Thursday, September 5, 2013

Episode 112: How to Go to Rehab

OK, so rehab is funny. I don't mean "oh, that's weird" funny. I mean "uh-oh I am going to puke in a minute because I am laughing so hard" funny. In a lot of cases, that latter type is wildly inappropriate because it always happens like right in the middle of someone spilling their guts in a very intimate way and they say something like "oh, I was very upset because when I was one my kitty-cat died because she had been sleeping in the washing machine and one day my mother turned it on and drowned her and to this day, clean clothes upset me." I made that one up because I believe in other peoples' anonymity, but I am not disguising many of those facts too closely. Rehab is exactly like sitting on the porch of a country store where that porch is filled with old, crazy people telling stories that don't make any sense, only instead of a country store and old crazy people, it's a flourescently-lit room and a bunch of twenty-two year olds. And you.
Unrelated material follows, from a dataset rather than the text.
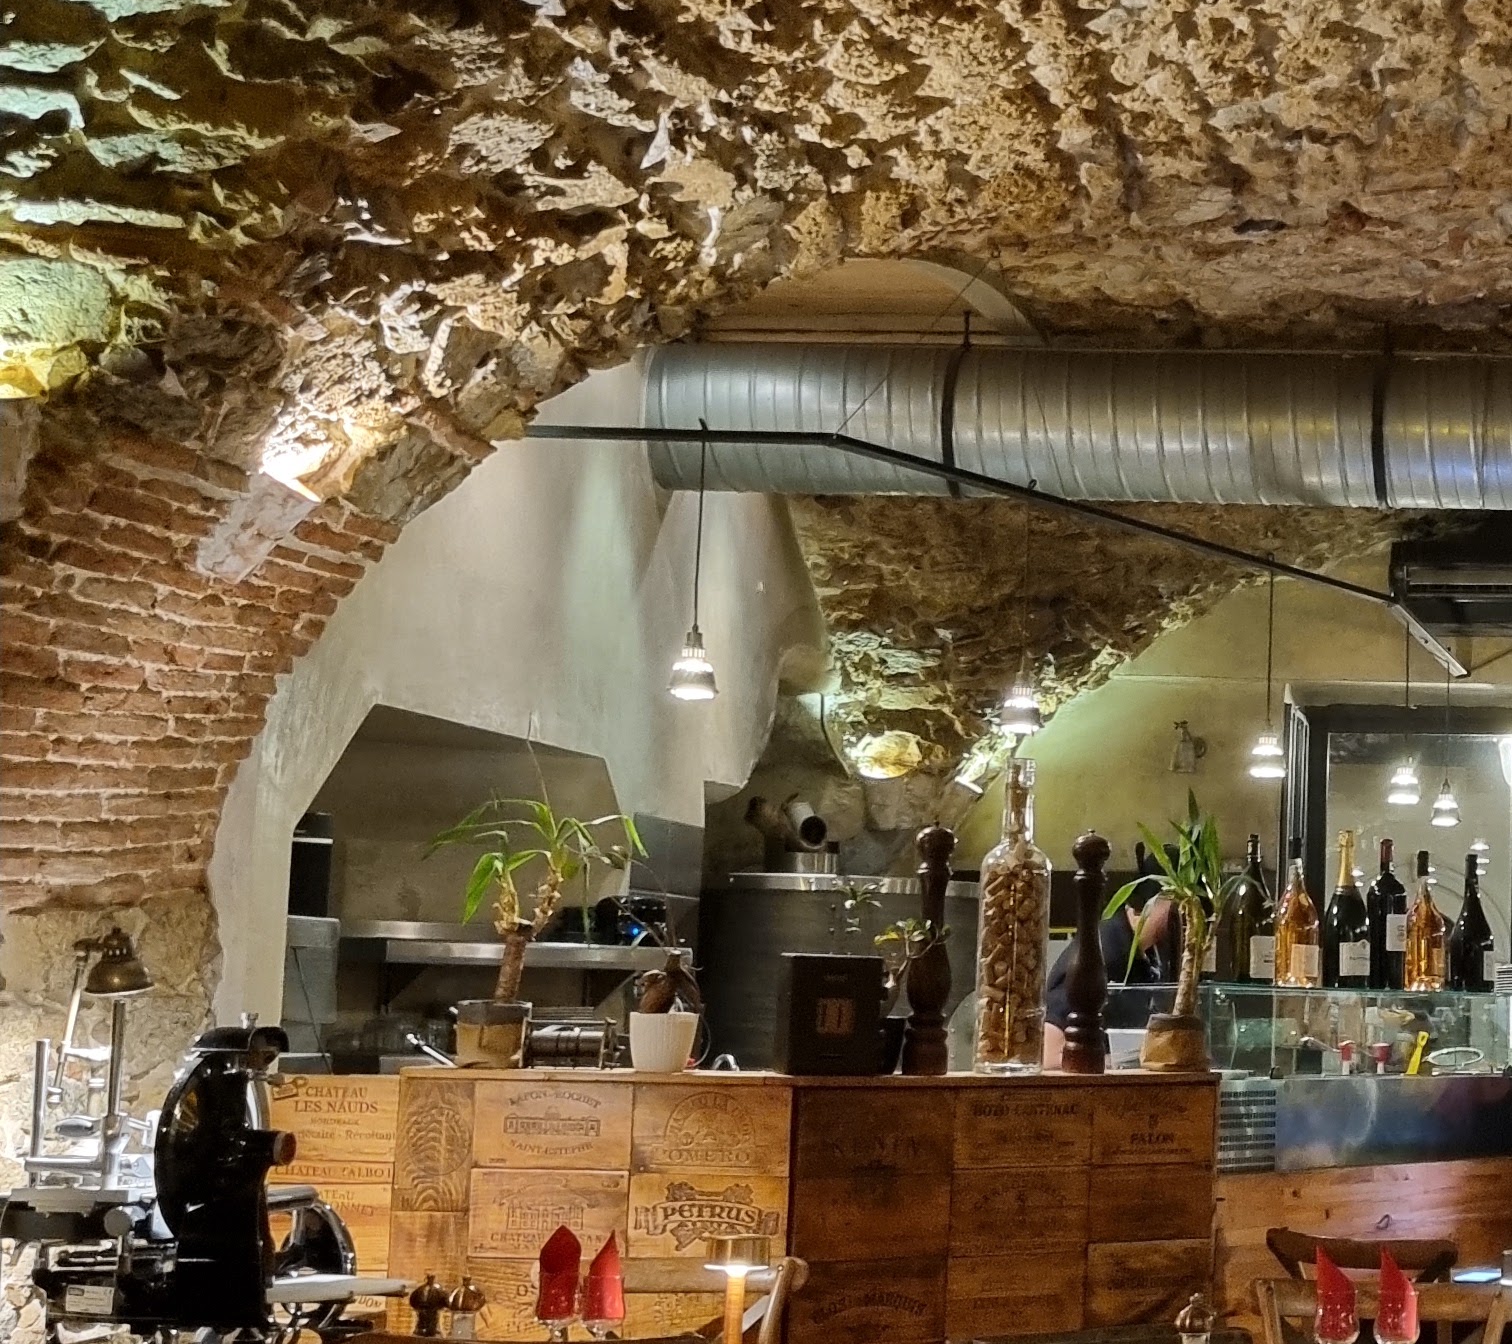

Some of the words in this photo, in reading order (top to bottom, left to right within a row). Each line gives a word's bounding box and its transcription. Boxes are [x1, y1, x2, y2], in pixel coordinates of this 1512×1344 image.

[305, 1086, 368, 1099] CHATEAU
[294, 1100, 321, 1113] LES
[660, 1204, 756, 1224] PETRUS
One of the things that stressed me myself and I out the most was the part where I had to sit in front of everyone in my group ("group" is the word that they use in rehab for a group) and share (rehab for "talk") all of the consequences and repercussions of my substance abuse. I was nervous because I was in a large-ish group of what I can only call over-achievers when it came to the consequences department. I listened to everyone's awesome, dramatic stories about DUIs and car wrecks and houses burning down and whatnot - all of which I wrote down for my upcoming class in screenwriting - and kept thinking, gosh! They are so lucky to have all these stories to share! It makes sharing so easy! And then it was my turn and all I could think of was stuff like "oh, I was once so drunk I made a friend cry when I served Earl Grey as a morning tea at a bridal shower." Or "I was epically fucked-up when I didn't tip the mailman last year, so now he throws my mail on the ground." It was quite a quandary to be in to have all those eyes on me, waiting for the good stuff, and coming up blank. After some really hard thinking (read: when the detox meds wore off), I did manage to remember a whole bunch of terrible stuff, but there was a moment there when I thought I might get kicked out of this very exclusive club for not being thug enough. But I rebounded with my terrifying rock-bottom tale of drinking a glass of Corbett Canyon wine. That was well and truly too much for anyone to believe, and all of my group members shook their heads in disgust and admitted me to their ranks and, newly-forever-bonded, our eyes turned to the new fella, who was going on about something over there in the corner, something about being so drunk that he accidentally took all of his vintage Charlie's Angels dolls out of their original packaging and you could see it on our faces: some people are just beyond help.